Rana Parimal, Brennan Jane C, Johnson Andrea H, Turcotte Justin J, Patton Chad M
Luminis Health Orthopedics, Anne Arundel Medical Center, Annapolis, United States.
Spine Surg Relat Res. 2024 Jun 10;9(1):71-77. doi: 10.22603/ssrr.2024-0047. eCollection 2025 Jan 27.
Previous studies have shown that early patient mobility and activity can improve patient outcomes after lumbar fusion procedures. This study aimed to explore the relationship between patient mobility and activity, measured by the Activity Measure for Post-acute Care (AM-PAC) "6-Clicks" assessment and postoperative outcomes in lumbar fusion patients.
A retrospective review of 306 lumbar fusions (105 with 6-Clicks mobility and 289 with 6-Clicks activity scores) was conducted. Statistical analyses were performed to evaluate the relationship between 6-Clicks scores and postoperative outcomes, such as prolonged length of stay (LOS), nonhome discharge, 30-day emergency department (ED) returns and readmissions, and minimal clinically important difference (MCID) achievement on the PROMIS-PF instrument at 3-12 months postoperatively.
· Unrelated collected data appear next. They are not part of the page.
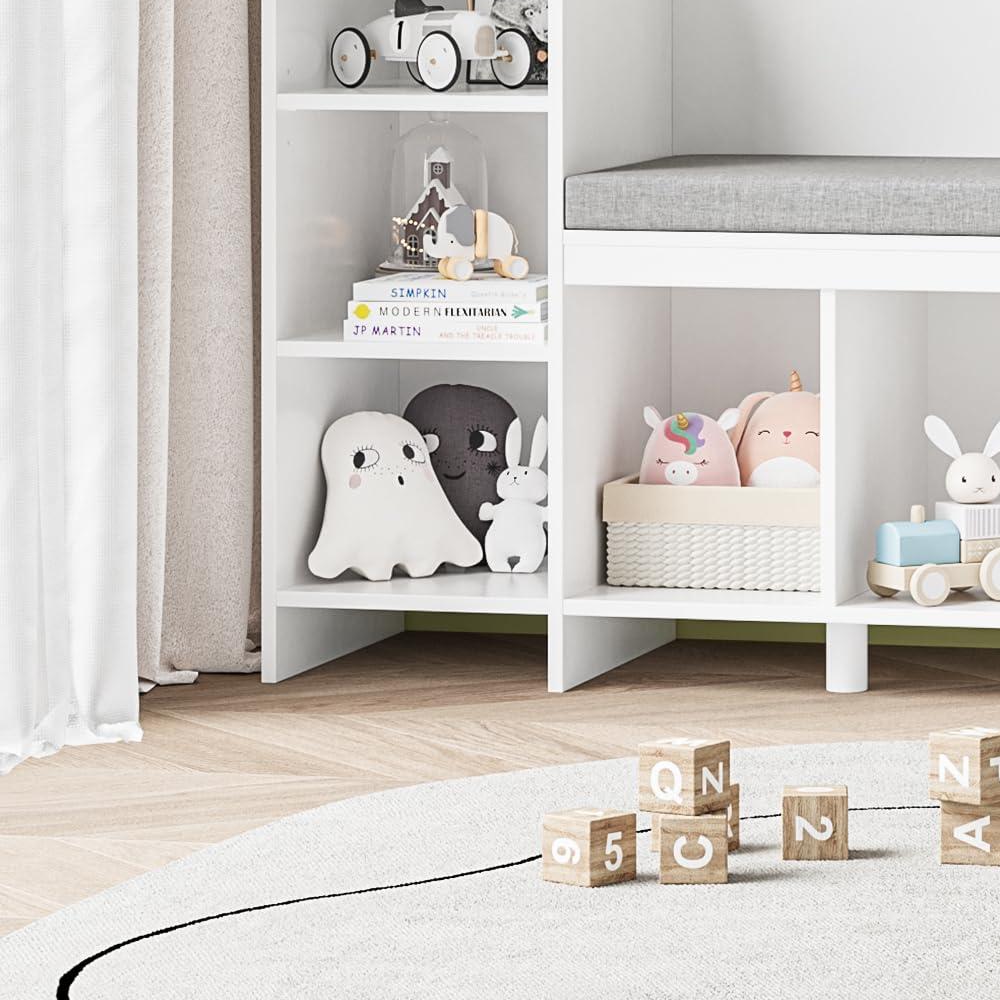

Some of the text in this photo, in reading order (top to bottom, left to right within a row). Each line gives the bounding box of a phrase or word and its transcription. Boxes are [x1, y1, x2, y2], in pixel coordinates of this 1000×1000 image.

[397, 20, 404, 49] 1
[391, 288, 447, 299] SIMPKIN
[379, 306, 507, 317] MODERN FLEXITARIAN
[353, 325, 421, 336] JP MARTIN
[650, 760, 684, 805] Q
[953, 815, 991, 853] A
[605, 831, 623, 872] 5
After controlling for age, body mass index, sex, race, number of levels, and preoperative PROMIS-PF, higher 6-Clicks mobility scores decreased the likelihood of 3+ day LOS (OR: 0.72; p=0.010), non-home discharge (OR: 0.68; p<0.001), and 30-day ED return (OR: 0.78; p=0.022) and increased the likelihood of PROMIS MCID achievement (OR: 1.28; p=0.004). The odds of LOS 3+ days, non-home discharge, and ED return for each one-point increase in mobility scores all decreased by 28%, 32%, and 22%, respectively, while the odds of achieving PROMIS MCID for every one-point increase in mobility increased by 28%. After risk adjustment, higher 6-Clicks activity scores were protective against 3+ day LOS (OR: 0.78; p<0.001) and non-home discharge (OR: 0.69; p<0.001).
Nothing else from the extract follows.